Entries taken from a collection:
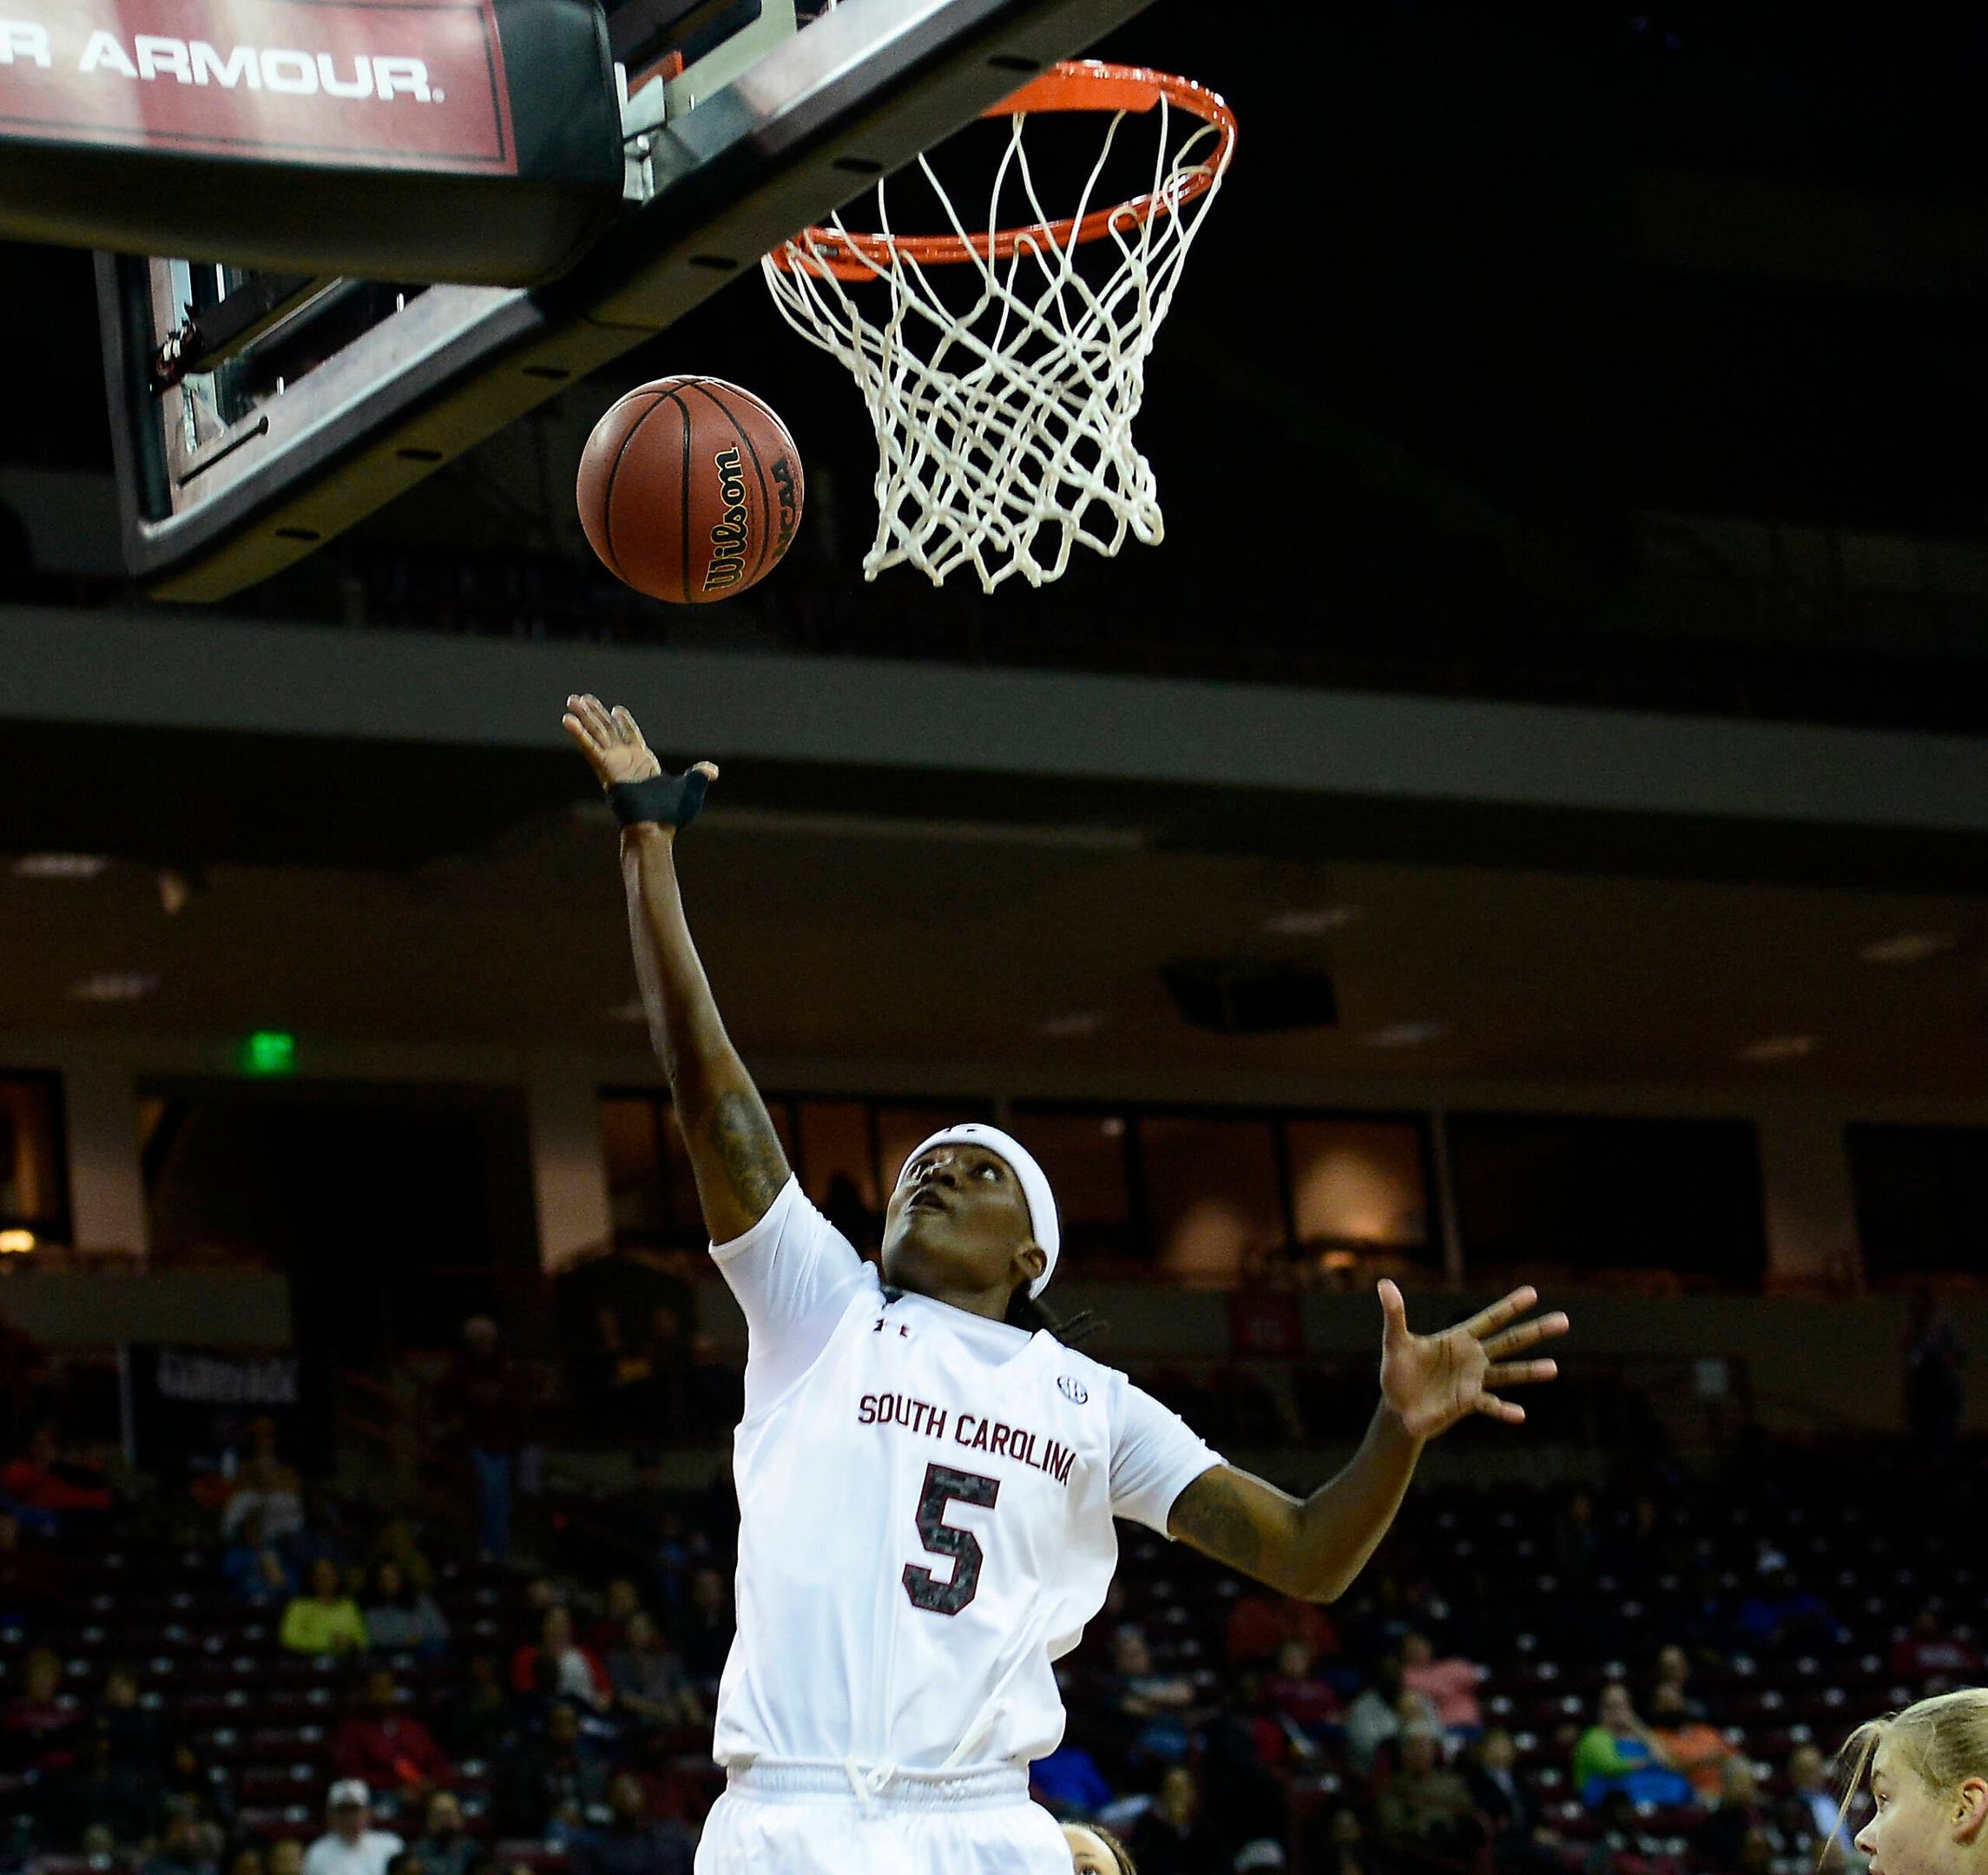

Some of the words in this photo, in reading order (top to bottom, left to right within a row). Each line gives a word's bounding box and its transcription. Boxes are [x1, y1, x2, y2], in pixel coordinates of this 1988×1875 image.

[702, 446, 748, 592] Wilson
[858, 1394, 948, 1439] SOUTH
[955, 1414, 1076, 1487] CAROLINA
[902, 1462, 1001, 1616] 5

To do |
Go through the data above and transcribe it in full, omitting any image.

Exercise output |
Some of the words in this photo, in reading order (top to bottom, left to right within a row). Each line gives a word's bounding box and its transcription. Boxes are [x1, y1, x2, y2], in pixel coordinates of this 1988×1875 image.

[702, 446, 748, 592] Wilson
[858, 1394, 948, 1439] SOUTH
[955, 1414, 1076, 1487] CAROLINA
[902, 1462, 1001, 1616] 5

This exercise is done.